[Images for object localization]
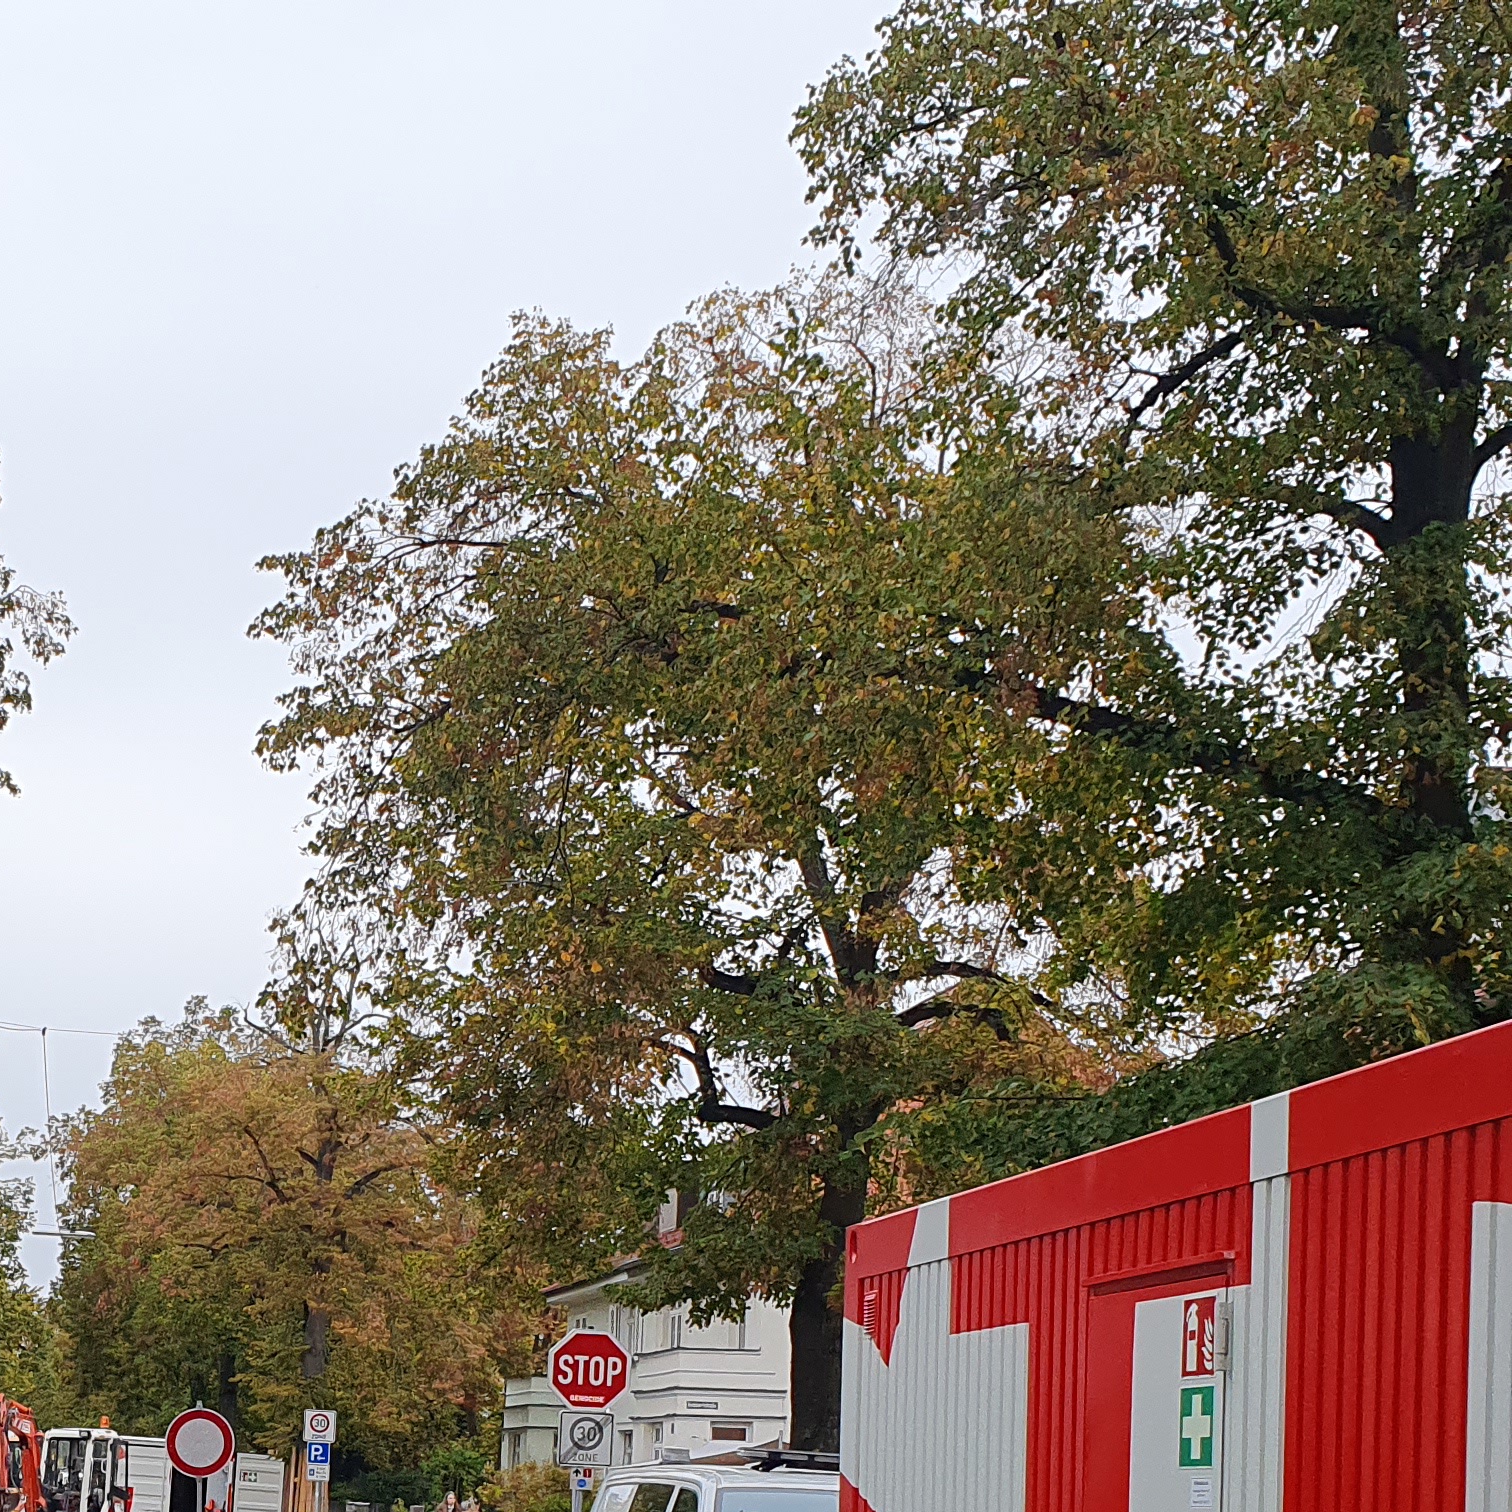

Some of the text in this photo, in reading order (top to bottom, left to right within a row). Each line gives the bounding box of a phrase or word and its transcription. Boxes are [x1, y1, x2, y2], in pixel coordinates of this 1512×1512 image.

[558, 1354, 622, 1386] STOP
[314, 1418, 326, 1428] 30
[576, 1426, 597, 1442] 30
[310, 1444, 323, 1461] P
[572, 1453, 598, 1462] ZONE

Exercise objective: I'd like every record transcribed exactly, with no pictures carried over.

Result for this exercise:
Some of the text in this photo, in reading order (top to bottom, left to right within a row). Each line gives the bounding box of a phrase or word and its transcription. Boxes are [x1, y1, x2, y2], in pixel coordinates of this 1512×1512 image.

[558, 1354, 622, 1386] STOP
[314, 1418, 326, 1428] 30
[576, 1426, 597, 1442] 30
[310, 1444, 323, 1461] P
[572, 1453, 598, 1462] ZONE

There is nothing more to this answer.